Wait for it... It's ugly...

def strip_unrendered_images(
    pdf: PdfReader | io.BytesIO | bytes,
    pages: Sequence[int] = (),
    outline_items: Sequence[Any] = (),
    debug=False,
    filename: str | None = None,
) -> io.BytesIO:
    """
    Optimize a PDF to prevent storage bloat from indirect image references.

    Args:
        pdf (PdfReader | io.BytesIO | bytes): The original source pdf.
        pages (Sequence[int], optional): The pages to extract. Defaults to ()
            to return all pages in the original.
        outline_items (Sequence[Any], optional): The outline items from the
            original PDF. These items are added back to the output PDF at the
            end of the optimization process.
        debug (bool, optional): Enable debug logging. Defaults to False.
        filename (str | None, optional): An optional filename to write the
            optimized PDF to disk for inspection. Defaults to None.

    Returns:
        io.BytesIO: The optimized PDF as a byte stream.
    """
    dbgprint = partial(utils.logprint, level=log_levels.DEBUG)
    pdf_reader = as_pdf_reader(pdf)
    ref_regx = re.compile(
        r"q[\n ]+(?:-?[0-9.]{1,}[\n ]+){6}cm[\n ]+(/\w+)[\n ]+Do[\n ]+Q",
        re.MULTILINE,
    )
    mergr = PdfMerger()
    referenced_img_names: set[str] = set()
    if pages:
        for c_ints in utils.contiguous_ints(pages):
            mergr.append(pdf_reader, pages=(c_ints[0], c_ints[1] + 1))
    else:
        mergr.append(pdf_reader)
    readr: PdfReader = mergr.inputs[0][1]
    # fmt: off
    # pylint: disable=multiple-statements
    for i in sorted(pages) if pages else range(len(readr.pages)):
        pdf_pg: PageObject = readr.pages[i]
        if not pdf_pg.indirect_reference:
            if debug: dbgprint(f"Pg {i} indirect_ref not present.")
            continue
        indirect_pg = cast(DictionaryObject, readr.get_object(pdf_pg.indirect_reference))
        if indirect_pg is None:
            if debug: dbgprint(f"Pg {i} indirect_ref not resolved.")
            continue
        if "/Resources" not in indirect_pg or not indirect_pg["/Resources"]:
            if debug: dbgprint(f"Pg {i} Resources not found.")
            continue
        resrcs = indirect_pg["/Resources"].get_object()
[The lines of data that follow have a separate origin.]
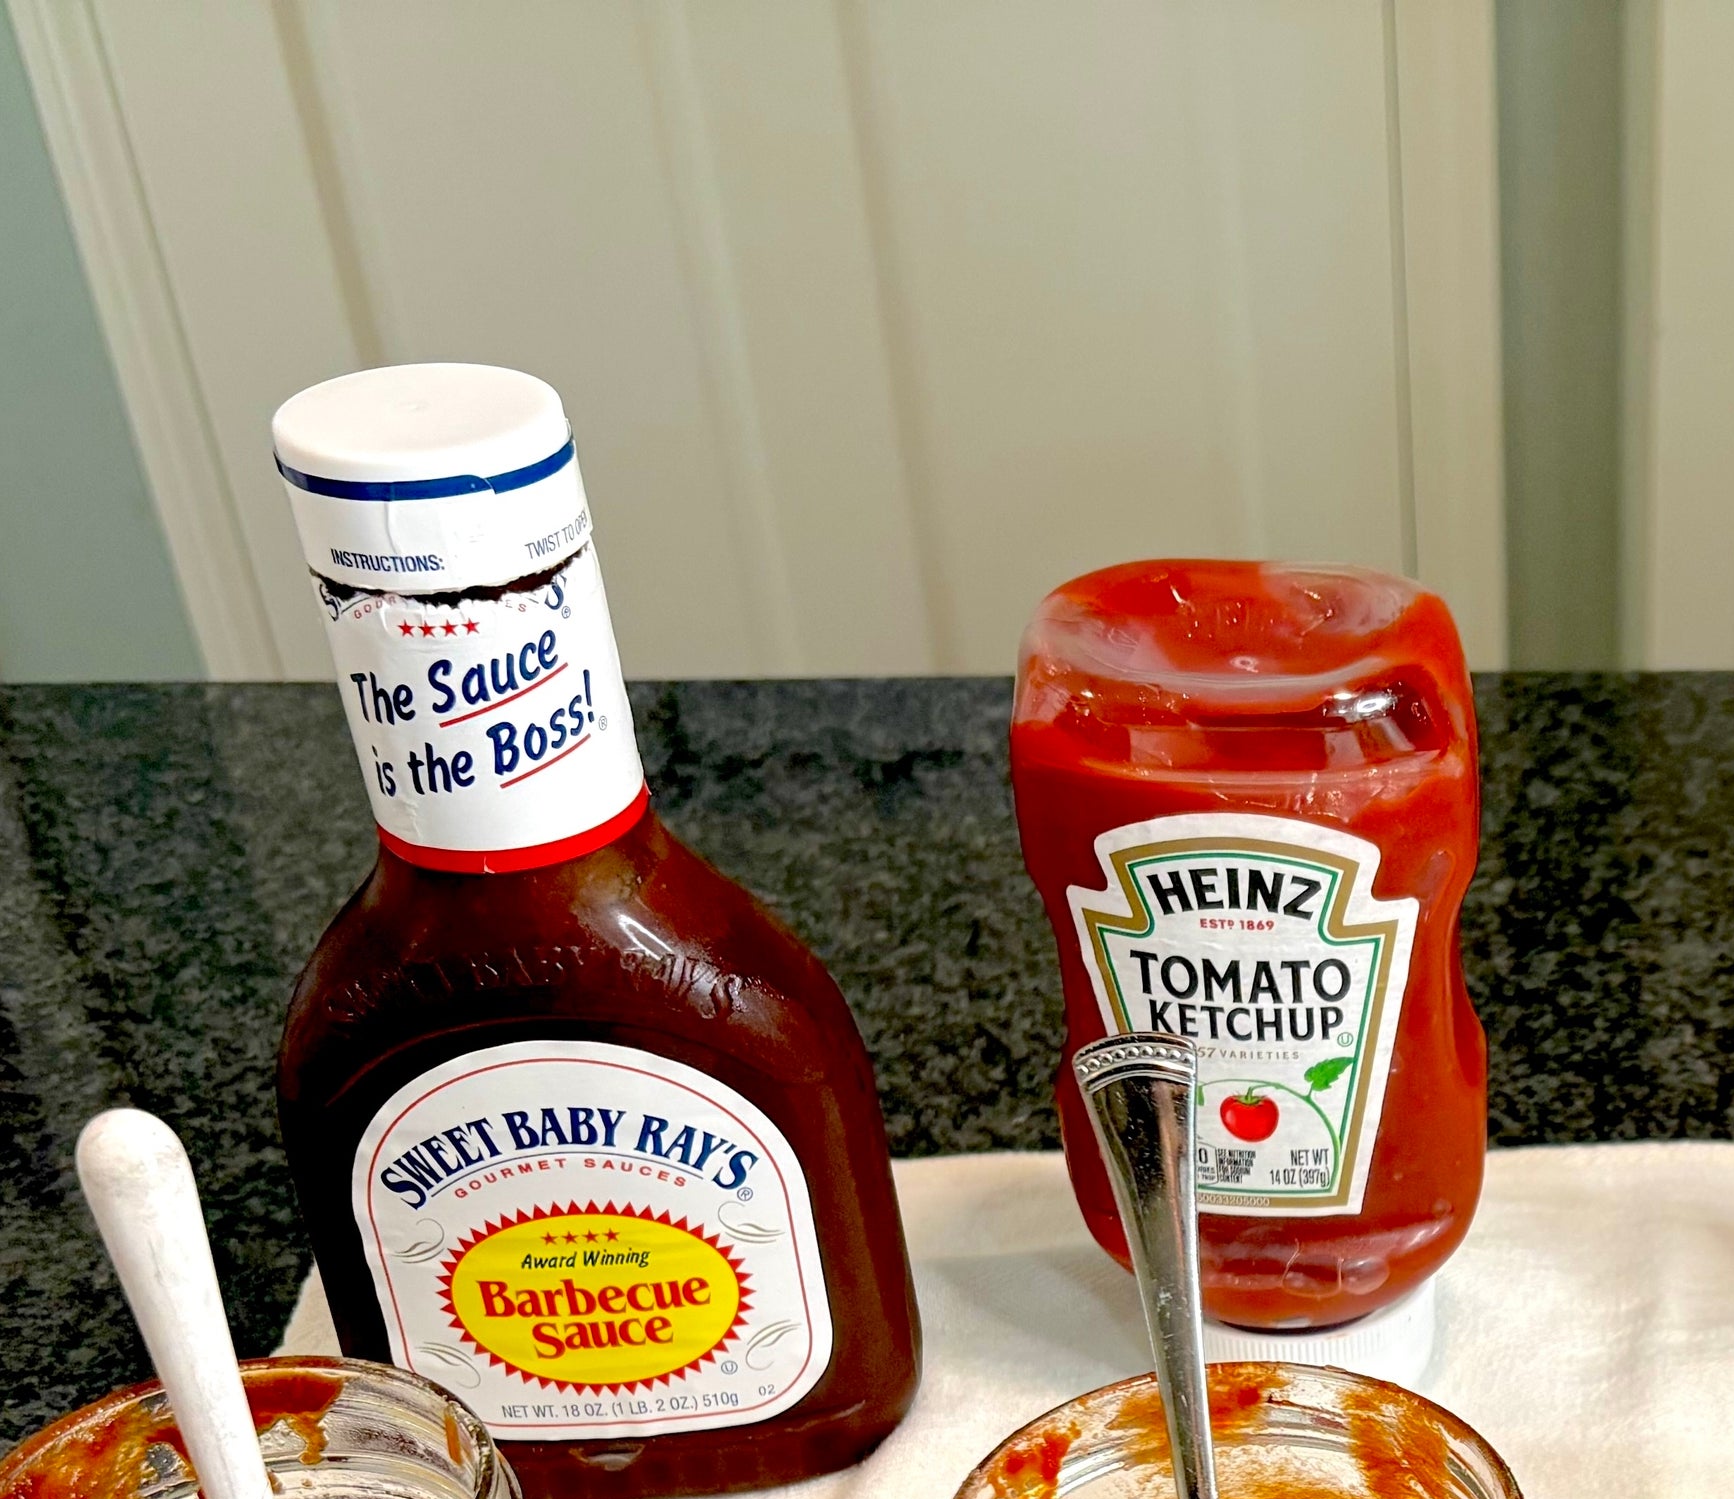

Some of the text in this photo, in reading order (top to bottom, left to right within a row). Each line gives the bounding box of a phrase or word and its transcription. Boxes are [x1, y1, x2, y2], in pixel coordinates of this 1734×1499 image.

[330, 548, 445, 572] INSTRUCTIONS:
[524, 531, 560, 559] TWIST
[561, 523, 574, 543] TO
[350, 629, 559, 727] The Sauce
[371, 669, 596, 797] is the Boss!
[1146, 867, 1322, 921] HEINZ
[1239, 919, 1274, 931] 1869
[1129, 949, 1352, 1004] TOMATO
[1148, 998, 1344, 1042] KETCHUP
[1198, 1047, 1300, 1060] 57 VARIETIES
[380, 1106, 759, 1211] SWEET BABY RAY'S
[454, 1158, 686, 1199] GOURMET SAUCES
[1270, 1168, 1330, 1188] 14 OZ (397g)
[1290, 1149, 1329, 1167] NET WT
[520, 1247, 650, 1270] Award Winning
[475, 1275, 711, 1318] Barbecue
[531, 1314, 674, 1361] Sauce
[502, 1391, 739, 1418] NET WT. 18 OZ. (1 LB. 2 OZ.) 510g
        if not isinstance(resrcs, dict) or "/XObject" not in resrcs:
            if debug: dbgprint(f"No XObject in pg {i} Resources.")
            continue
        imgs = resrcs["/XObject"]
        contents = indirect_pg["/Contents"].get_object()
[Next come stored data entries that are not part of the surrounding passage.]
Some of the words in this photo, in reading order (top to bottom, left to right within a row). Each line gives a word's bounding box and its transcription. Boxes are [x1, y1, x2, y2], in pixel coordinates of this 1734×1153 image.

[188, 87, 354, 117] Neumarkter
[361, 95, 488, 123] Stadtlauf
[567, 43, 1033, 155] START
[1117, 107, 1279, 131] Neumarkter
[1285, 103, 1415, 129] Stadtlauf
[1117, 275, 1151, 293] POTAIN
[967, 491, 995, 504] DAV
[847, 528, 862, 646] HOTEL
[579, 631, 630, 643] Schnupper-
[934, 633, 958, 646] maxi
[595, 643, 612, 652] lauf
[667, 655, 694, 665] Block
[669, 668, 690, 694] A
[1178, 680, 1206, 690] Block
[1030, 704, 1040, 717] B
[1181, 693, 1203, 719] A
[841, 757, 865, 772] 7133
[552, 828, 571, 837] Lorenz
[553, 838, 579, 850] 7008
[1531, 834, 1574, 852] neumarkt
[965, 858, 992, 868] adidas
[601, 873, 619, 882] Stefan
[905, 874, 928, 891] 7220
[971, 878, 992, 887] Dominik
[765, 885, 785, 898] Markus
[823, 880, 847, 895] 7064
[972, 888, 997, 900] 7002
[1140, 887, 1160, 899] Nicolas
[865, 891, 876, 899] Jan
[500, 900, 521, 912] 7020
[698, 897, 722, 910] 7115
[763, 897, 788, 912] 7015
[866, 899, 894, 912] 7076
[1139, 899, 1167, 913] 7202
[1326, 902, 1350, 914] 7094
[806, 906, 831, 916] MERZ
        if not isinstance(contents, EncodedStreamObject):
            if debug: dbgprint(f"Pg {i} {type(contents)=}!=EncodedStreamObject.")
            continue
        decoded_content = str(decode_stream_data(contents), "utf-8", "ignore")
        img_refs = ref_regx.findall(decoded_content)
        referenced_img_names.update(img_refs)
        masks_to_add = []
        for refd_img_name in referenced_img_names:
            if refd_img_name in imgs:
                if "/SMask" in (refd_img := imgs[refd_img_name].get_object()):
                    if "/Name" in (smask_obj := refd_img["/SMask"].get_object()):
                        masks_to_add.append(smask_obj["/Name"])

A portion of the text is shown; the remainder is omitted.